Listed entries START
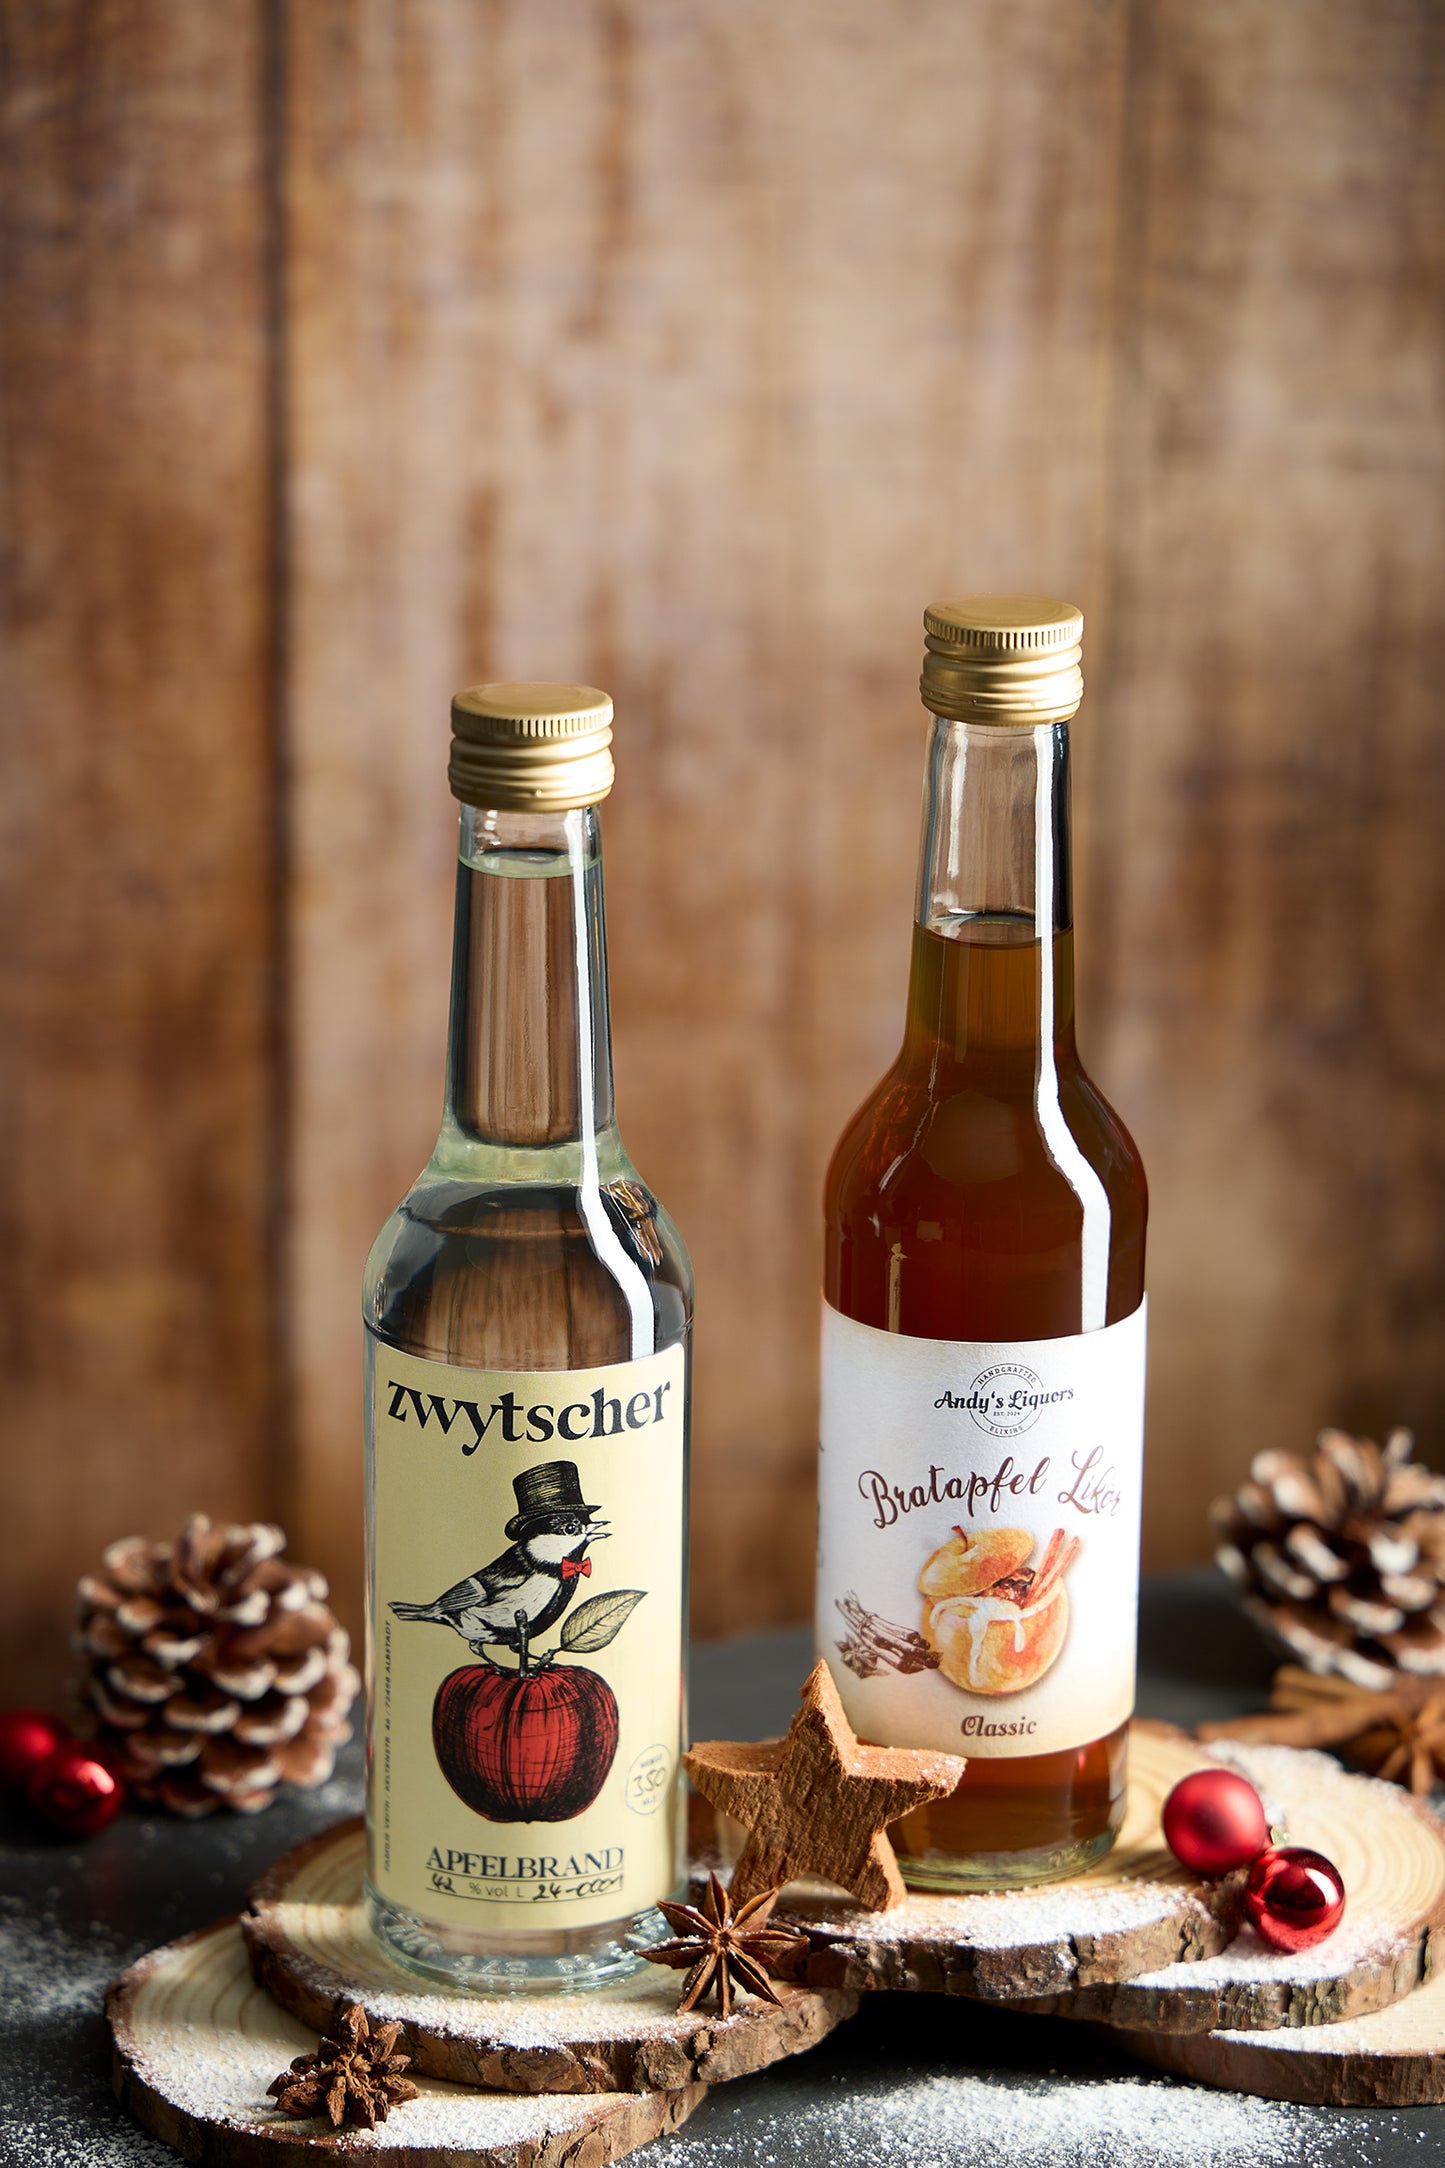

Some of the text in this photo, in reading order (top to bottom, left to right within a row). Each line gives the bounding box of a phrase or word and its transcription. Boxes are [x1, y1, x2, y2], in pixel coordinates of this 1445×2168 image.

[977, 1366, 1037, 1385] HANDCRAFTED
[1007, 1388, 1075, 1411] Liquors
[387, 1380, 671, 1457] zwytscher
[989, 1425, 1024, 1435] ELIXIRS
[858, 1455, 1051, 1530] Bratapfel
[384, 1620, 392, 1674] ALBSTADT
[961, 1715, 1037, 1737] Classic
[426, 1845, 624, 1878] APFELBRAND
[432, 1873, 457, 1894] 42
[486, 1884, 508, 1897] vol
Listed entries END
About this task: In the answer, the entries should be restated verbatim, with all pictures omitted.

Solution for this task:
Some of the text in this photo, in reading order (top to bottom, left to right within a row). Each line gives the bounding box of a phrase or word and its transcription. Boxes are [x1, y1, x2, y2], in pixel coordinates of this 1445×2168 image.

[977, 1366, 1037, 1385] HANDCRAFTED
[1007, 1388, 1075, 1411] Liquors
[387, 1380, 671, 1457] zwytscher
[989, 1425, 1024, 1435] ELIXIRS
[858, 1455, 1051, 1530] Bratapfel
[384, 1620, 392, 1674] ALBSTADT
[961, 1715, 1037, 1737] Classic
[426, 1845, 624, 1878] APFELBRAND
[432, 1873, 457, 1894] 42
[486, 1884, 508, 1897] vol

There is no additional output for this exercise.